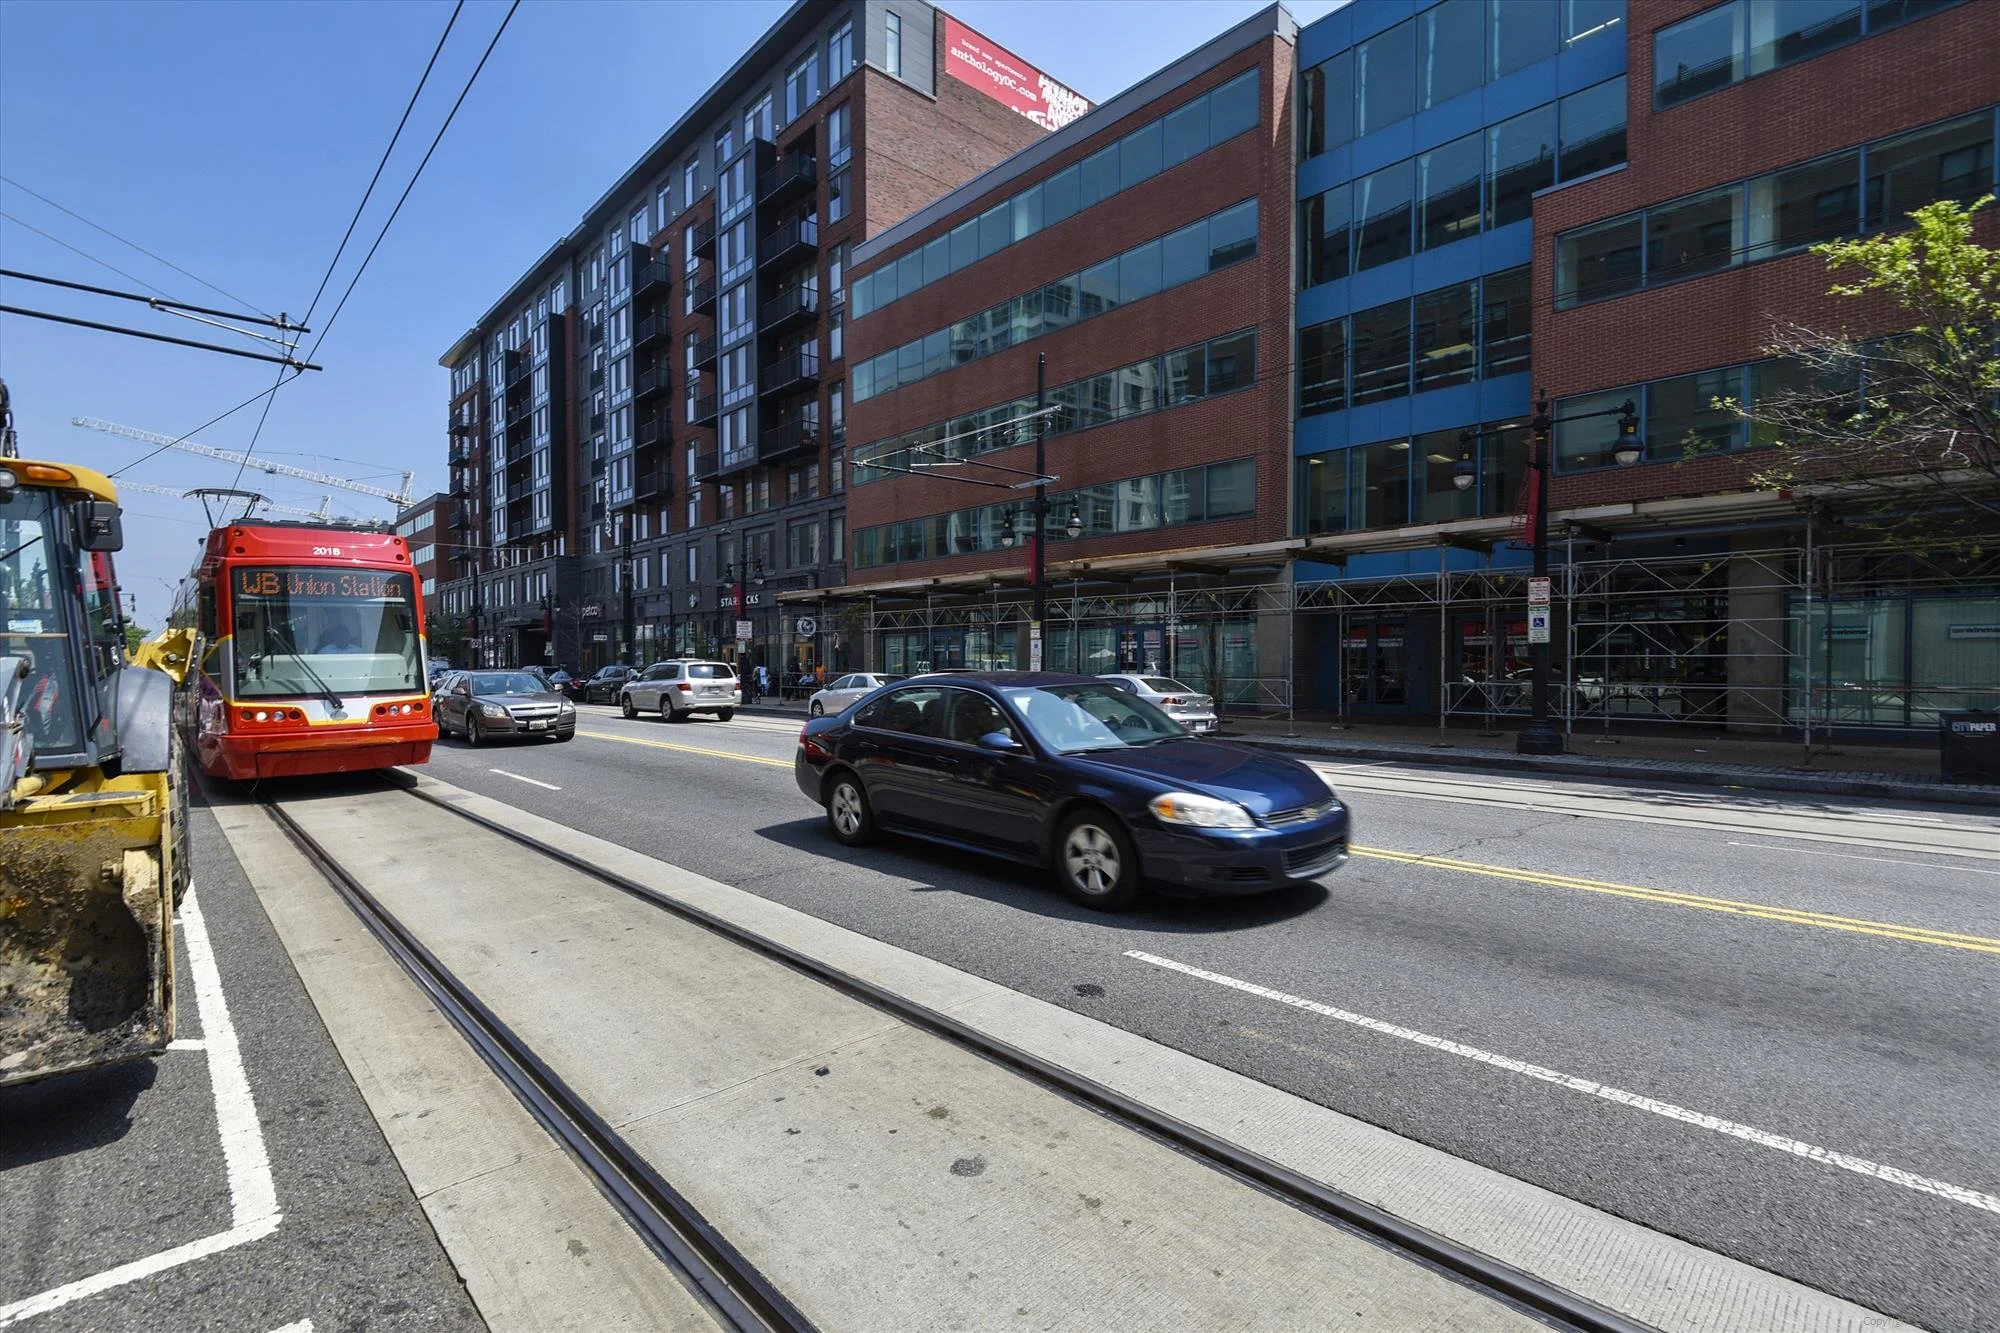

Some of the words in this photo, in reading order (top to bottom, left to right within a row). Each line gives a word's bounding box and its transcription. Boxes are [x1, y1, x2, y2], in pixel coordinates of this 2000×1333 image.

[951, 46, 1038, 102] anthologyDC.com
[242, 571, 281, 595] WB
[286, 572, 336, 595] Union
[340, 575, 402, 597] Station
[720, 594, 760, 607] STARCKS

**What you are asked to do:**
Extract the full listing above verbatim; pictures are to be left out of the copy.

**Solution for this task:**
Some of the words in this photo, in reading order (top to bottom, left to right within a row). Each line gives a word's bounding box and its transcription. Boxes are [x1, y1, x2, y2], in pixel coordinates of this 2000×1333 image.

[951, 46, 1038, 102] anthologyDC.com
[242, 571, 281, 595] WB
[286, 572, 336, 595] Union
[340, 575, 402, 597] Station
[720, 594, 760, 607] STARCKS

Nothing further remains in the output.